◆ Material for this exercise:
####

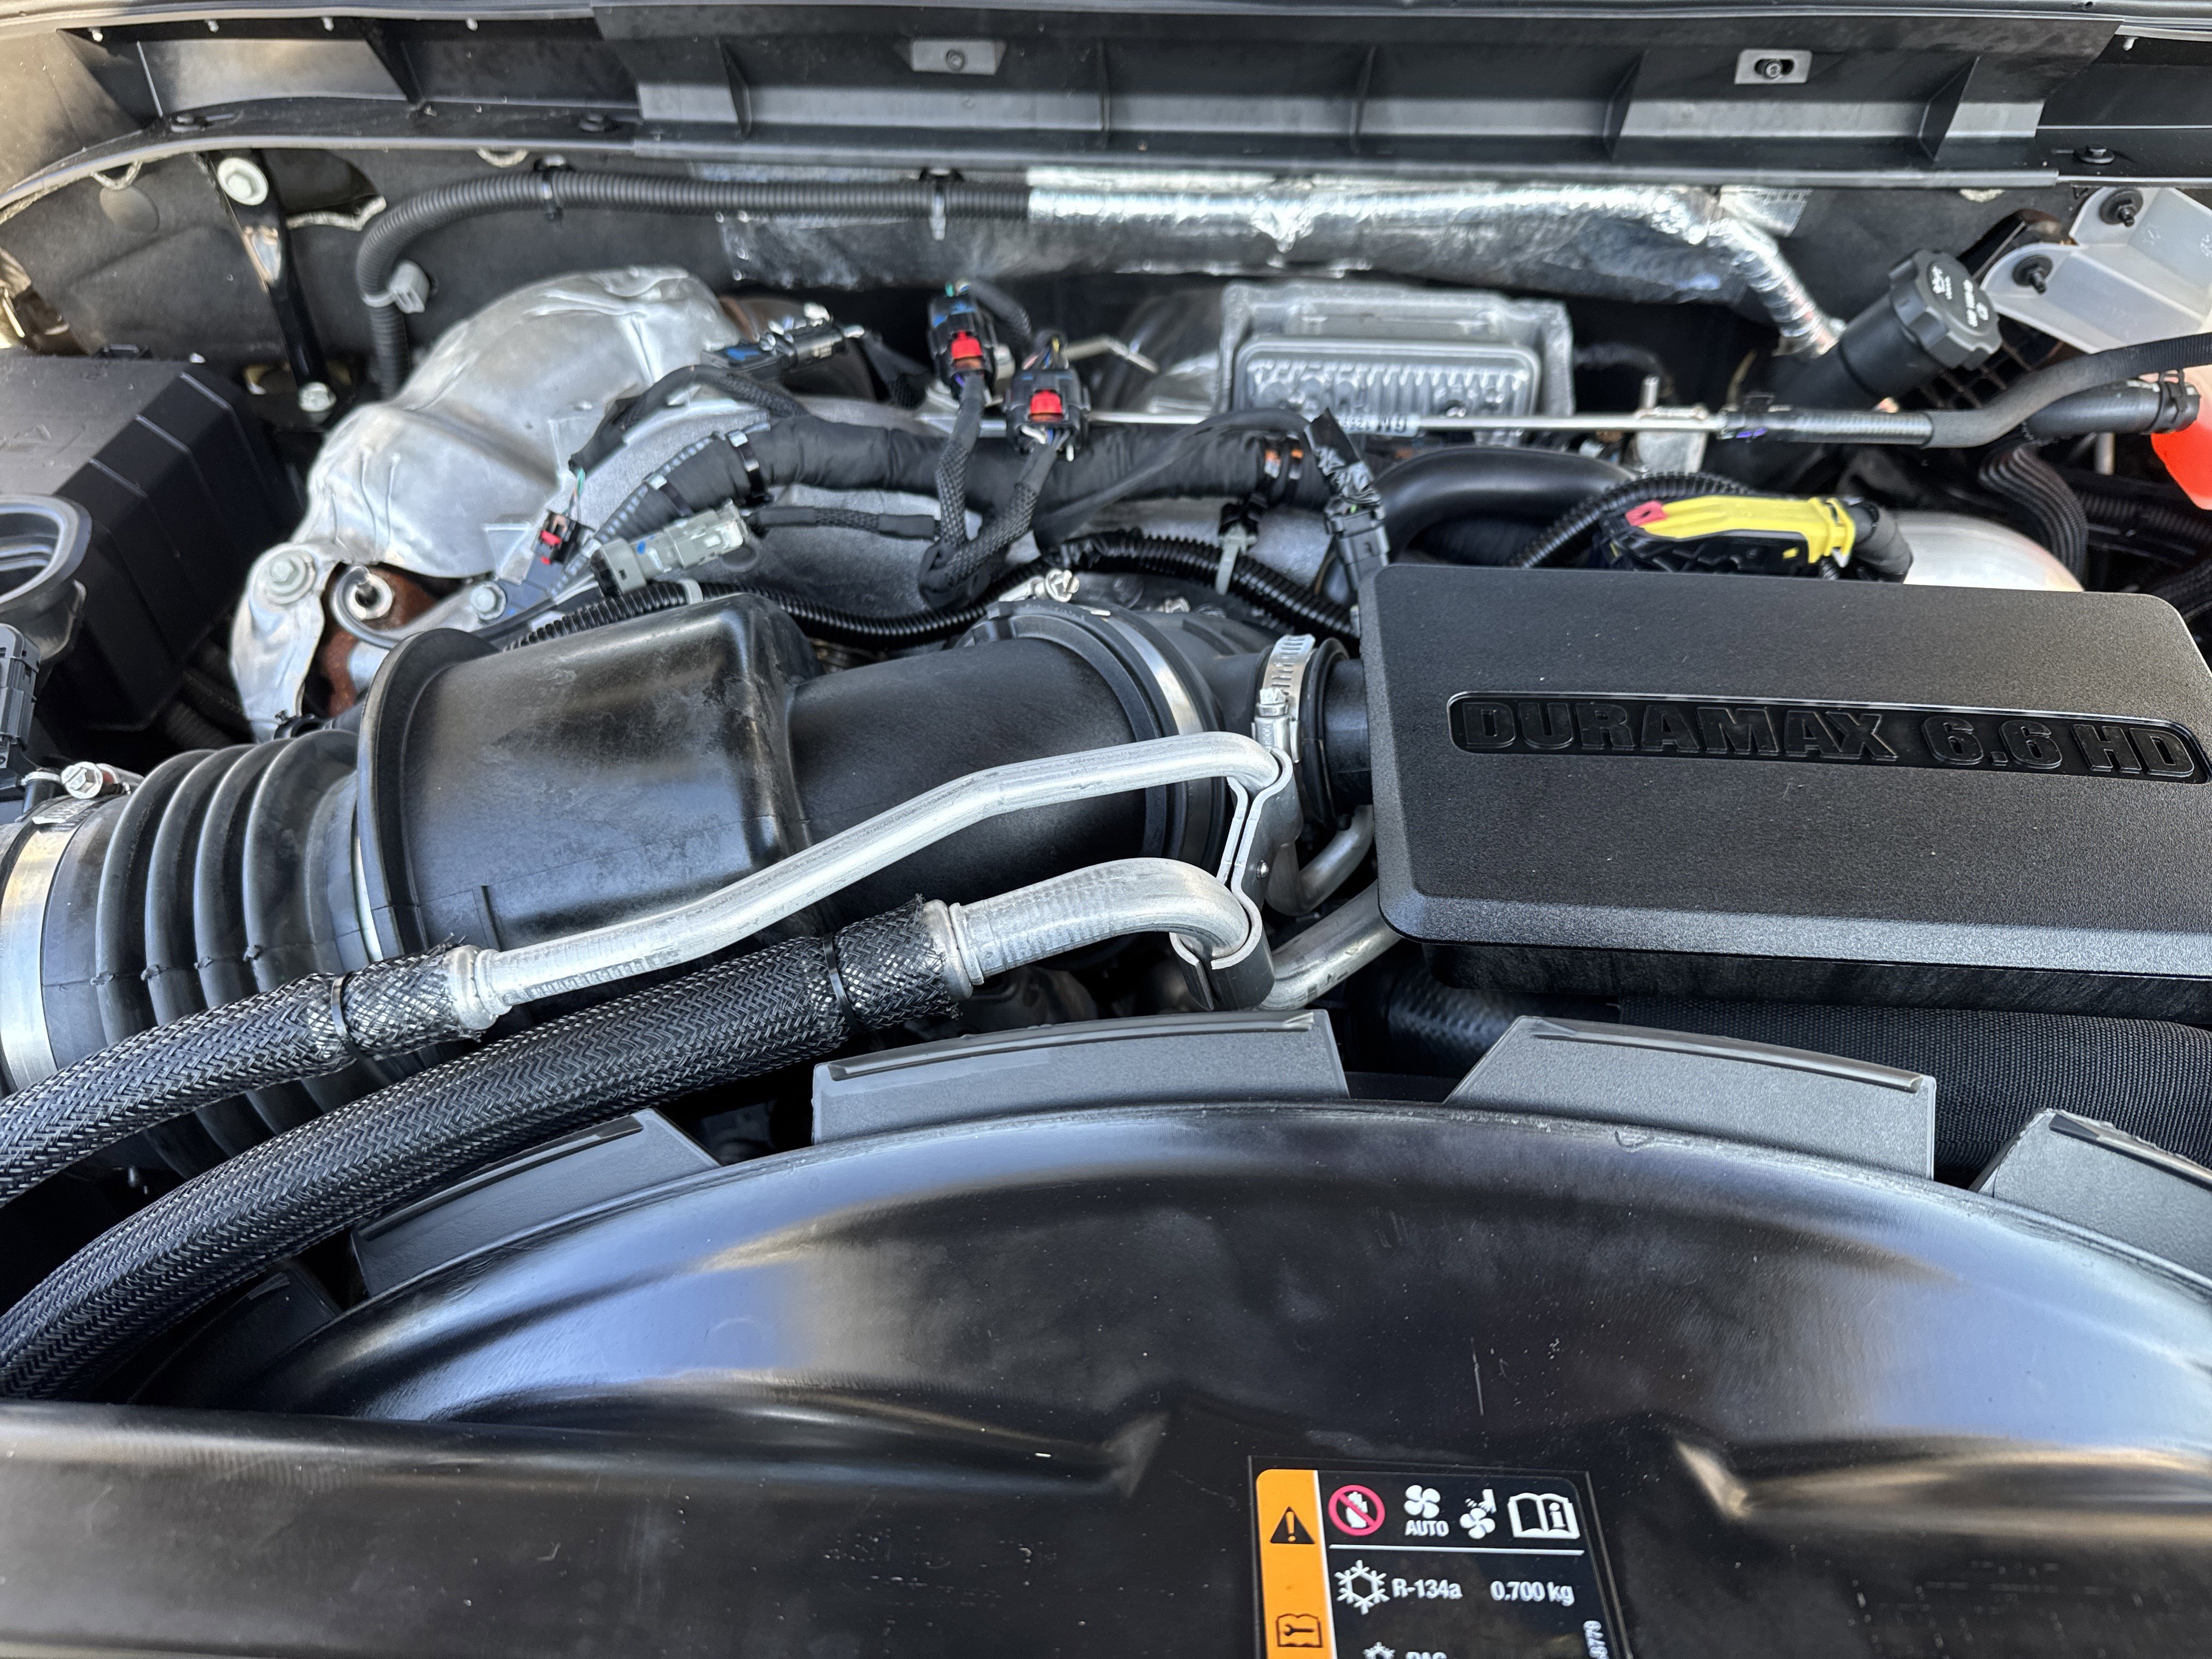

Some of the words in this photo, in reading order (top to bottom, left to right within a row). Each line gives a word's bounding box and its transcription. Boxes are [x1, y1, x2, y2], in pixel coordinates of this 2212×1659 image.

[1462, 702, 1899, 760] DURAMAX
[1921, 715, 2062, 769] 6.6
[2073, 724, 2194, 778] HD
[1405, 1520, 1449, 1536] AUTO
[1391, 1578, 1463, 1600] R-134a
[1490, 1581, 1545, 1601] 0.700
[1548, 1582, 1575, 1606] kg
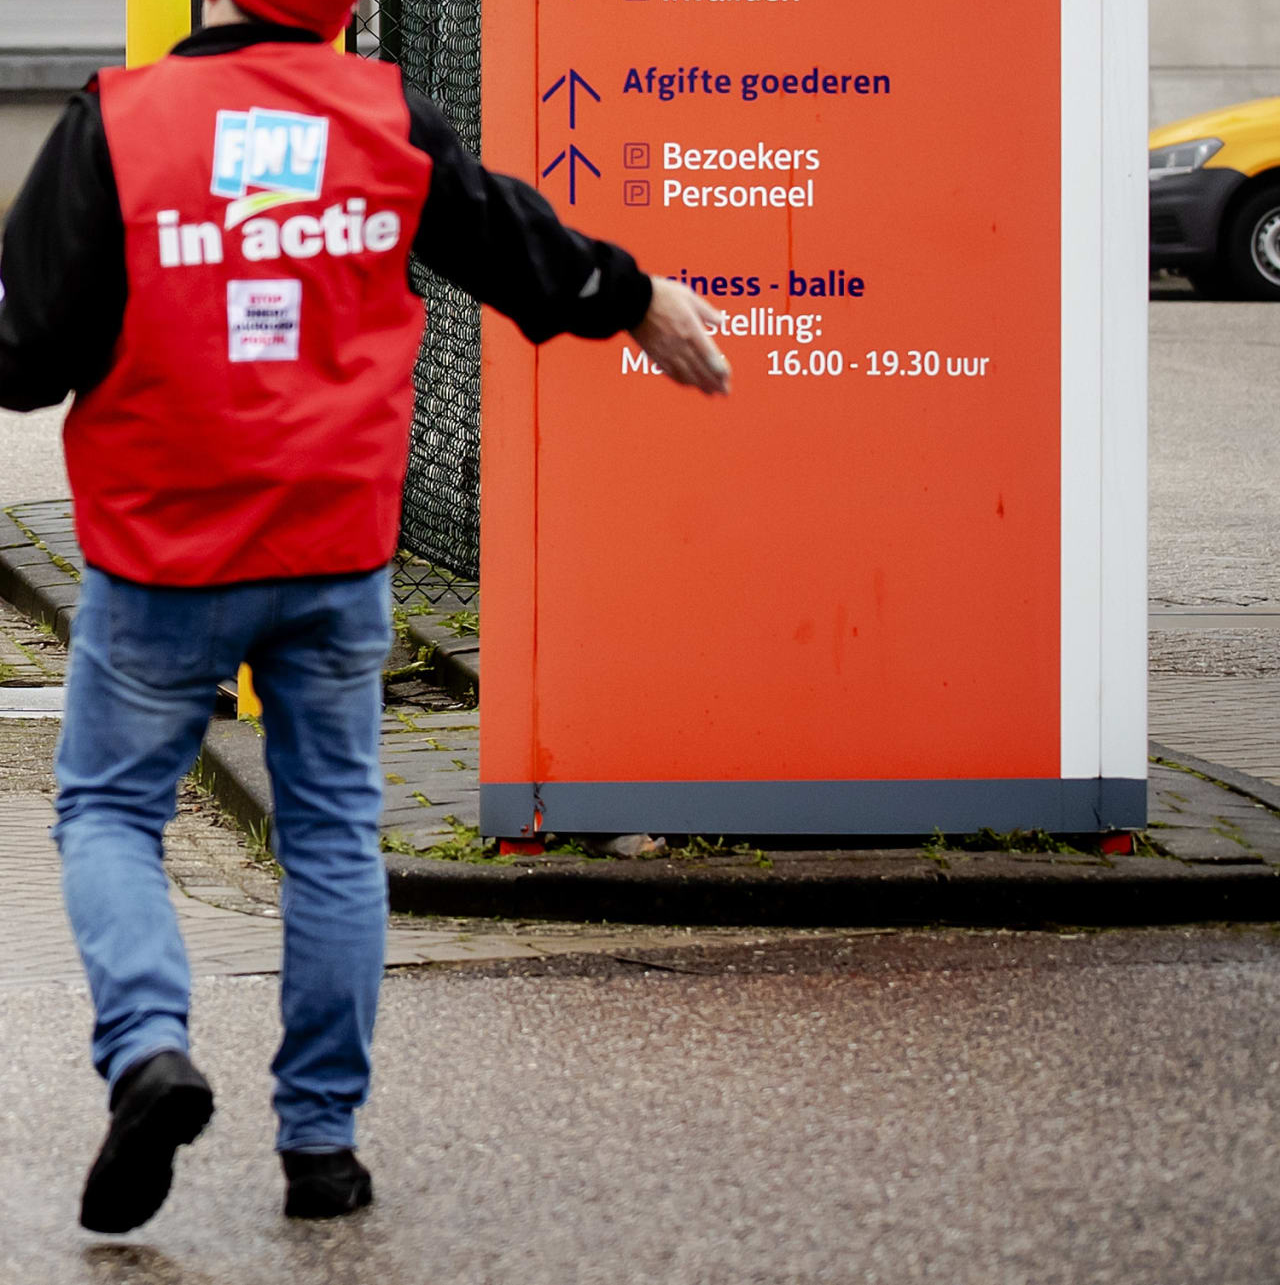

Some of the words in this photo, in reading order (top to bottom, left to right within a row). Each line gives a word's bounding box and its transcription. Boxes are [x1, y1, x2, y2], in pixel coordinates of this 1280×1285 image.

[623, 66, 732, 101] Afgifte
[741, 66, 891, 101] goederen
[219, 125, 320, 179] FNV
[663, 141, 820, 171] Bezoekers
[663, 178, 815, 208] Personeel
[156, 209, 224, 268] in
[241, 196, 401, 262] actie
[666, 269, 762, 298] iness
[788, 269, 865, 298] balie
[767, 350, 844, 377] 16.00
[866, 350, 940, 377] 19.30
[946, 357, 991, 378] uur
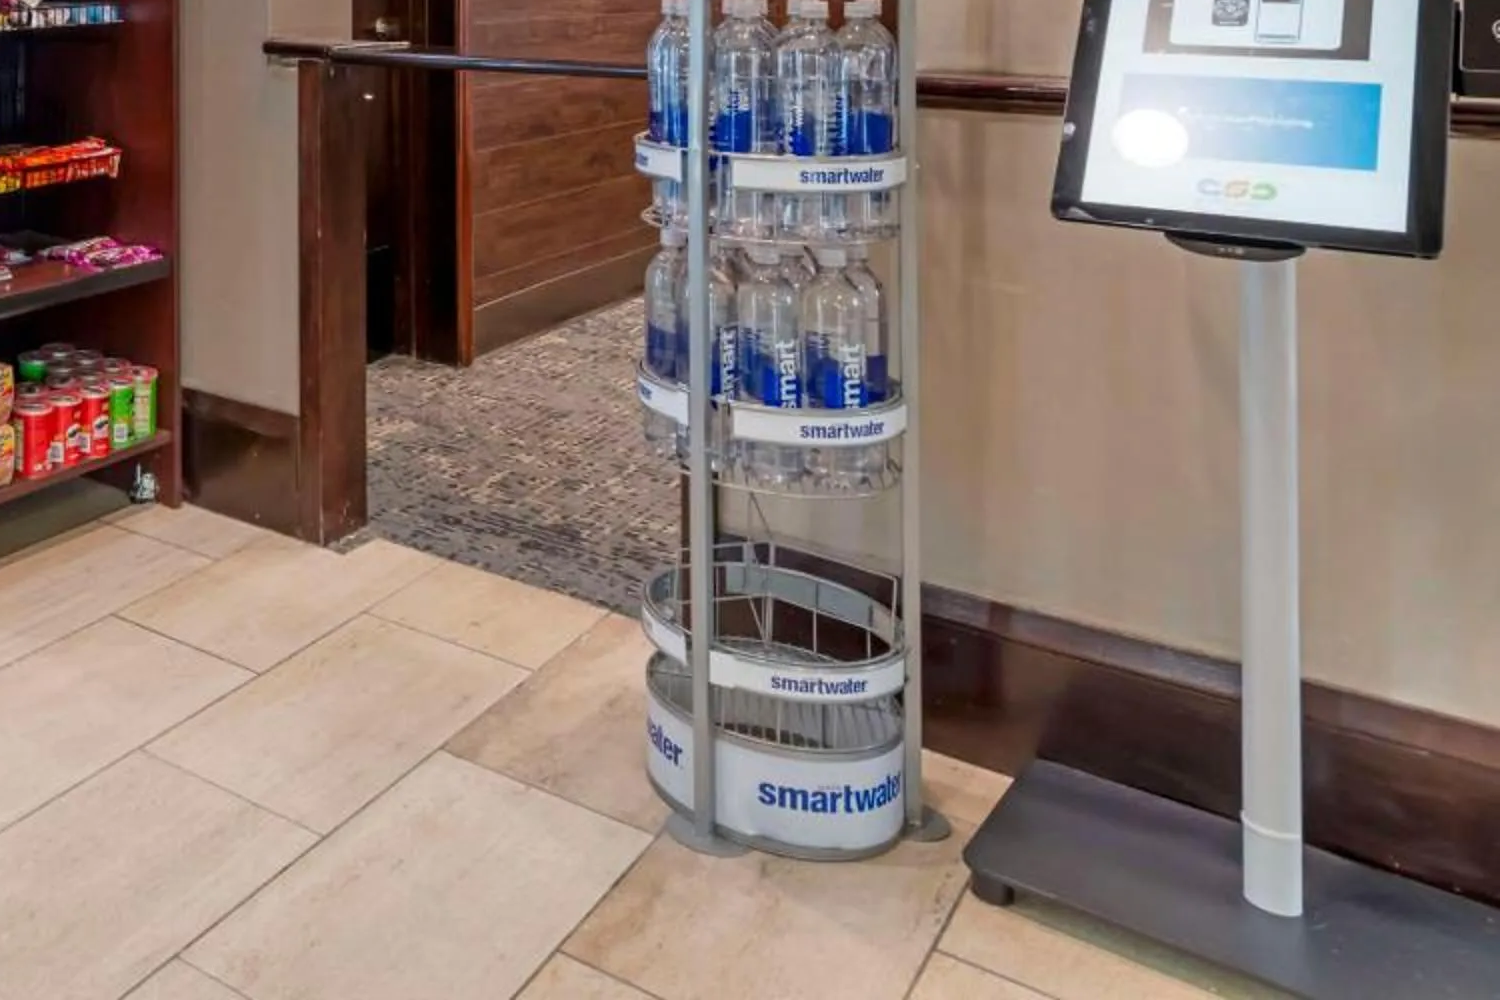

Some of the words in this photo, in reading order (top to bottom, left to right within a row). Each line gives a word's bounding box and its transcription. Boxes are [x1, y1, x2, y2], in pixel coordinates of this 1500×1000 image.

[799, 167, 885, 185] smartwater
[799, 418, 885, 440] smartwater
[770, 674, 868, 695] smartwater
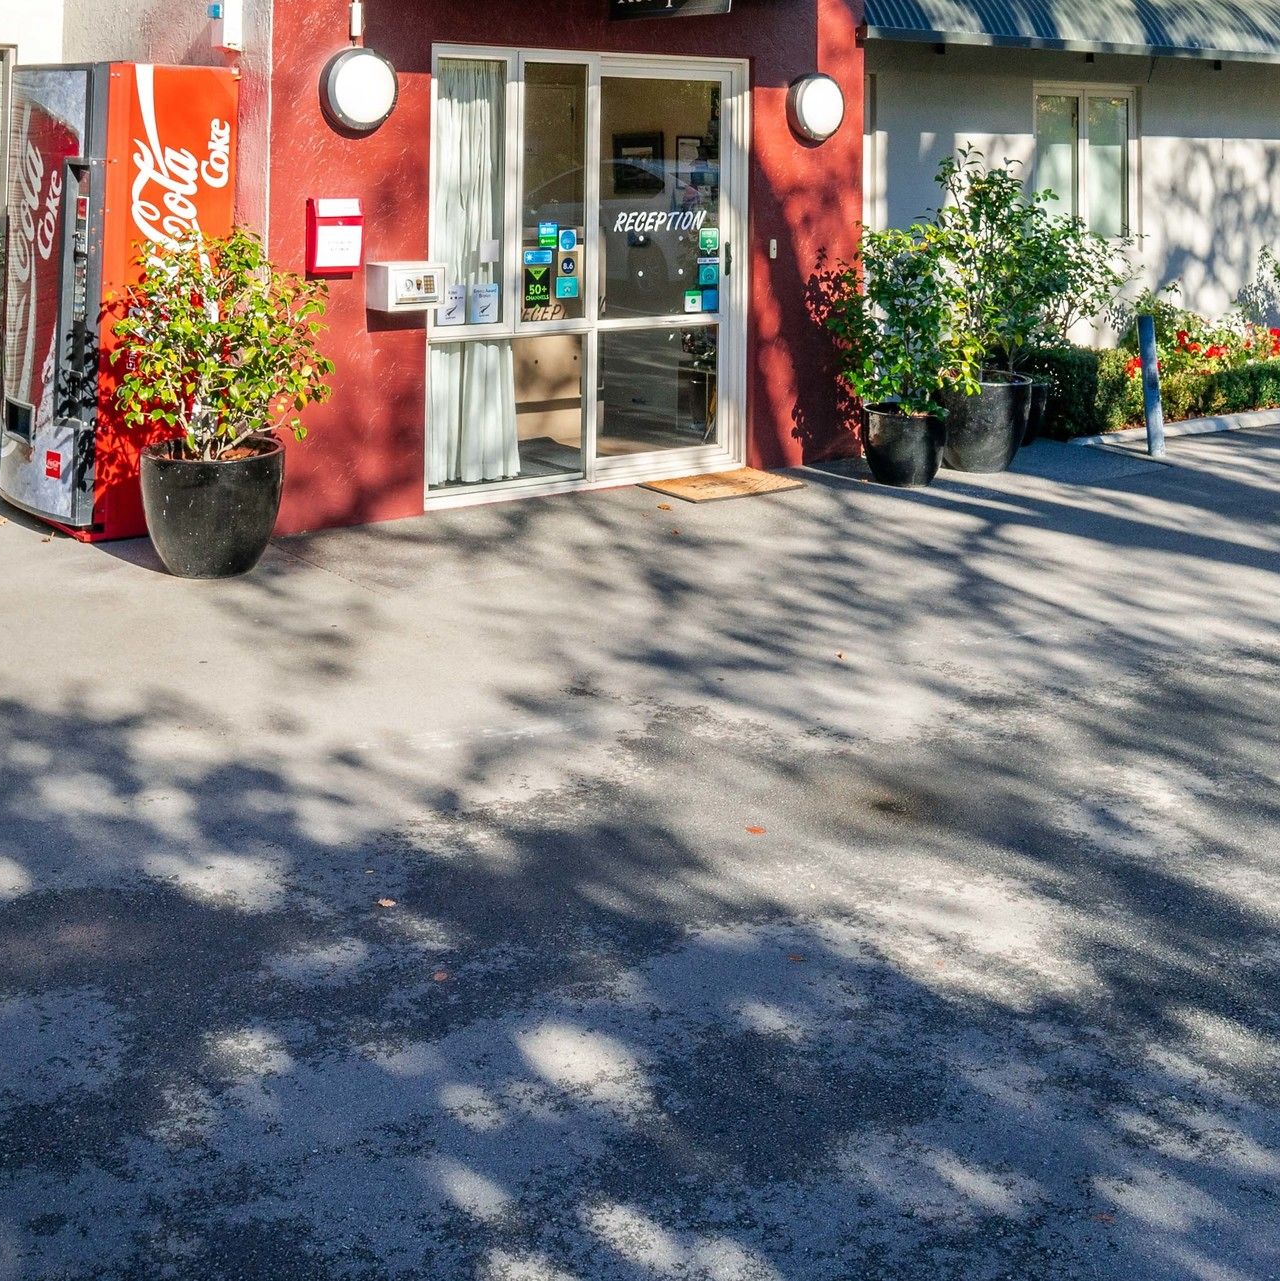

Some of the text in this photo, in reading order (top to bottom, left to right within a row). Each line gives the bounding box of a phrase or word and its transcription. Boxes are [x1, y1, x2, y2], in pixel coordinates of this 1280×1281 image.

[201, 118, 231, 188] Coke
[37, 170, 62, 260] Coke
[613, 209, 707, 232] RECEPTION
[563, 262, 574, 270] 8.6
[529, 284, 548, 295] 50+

####

◆ What this task involves: Give back the listing unchanged. Strip out the pictures.

◆ Reply:
Some of the words in this photo, in reading order (top to bottom, left to right within a row). Each line gives a word's bounding box and its transcription. Boxes are [x1, y1, x2, y2], in pixel coordinates of this 2212×1659 image.

[1462, 702, 1899, 760] DURAMAX
[1921, 715, 2062, 769] 6.6
[2073, 724, 2194, 778] HD
[1405, 1520, 1449, 1536] AUTO
[1391, 1578, 1463, 1600] R-134a
[1490, 1581, 1545, 1601] 0.700
[1548, 1582, 1575, 1606] kg

Some of the words in this photo, in reading order (top to bottom, left to right within a row). Each line gives a word's bounding box and its transcription. Boxes are [x1, y1, x2, y2], in pixel coordinates of this 1280×1285 image.

[623, 66, 732, 101] Afgifte
[741, 66, 891, 101] goederen
[219, 125, 320, 179] FNV
[663, 141, 820, 171] Bezoekers
[663, 178, 815, 208] Personeel
[156, 209, 224, 268] in
[241, 196, 401, 262] actie
[666, 269, 762, 298] iness
[788, 269, 865, 298] balie
[767, 350, 844, 377] 16.00
[866, 350, 940, 377] 19.30
[946, 357, 991, 378] uur

Some of the words in this photo, in reading order (top to bottom, left to right within a row). Each line gives a word's bounding box and its transcription. Boxes are [x1, y1, x2, y2], in pixel coordinates of this 1500×1000 image.

[799, 167, 885, 185] smartwater
[799, 418, 885, 440] smartwater
[770, 674, 868, 695] smartwater

Some of the text in this photo, in reading order (top to bottom, left to right within a row). Each line gives the bounding box of a phrase or word and its transcription. Boxes are [x1, y1, x2, y2], in pixel coordinates of this 1280×1281 image.

[201, 118, 231, 188] Coke
[37, 170, 62, 260] Coke
[613, 209, 707, 232] RECEPTION
[563, 262, 574, 270] 8.6
[529, 284, 548, 295] 50+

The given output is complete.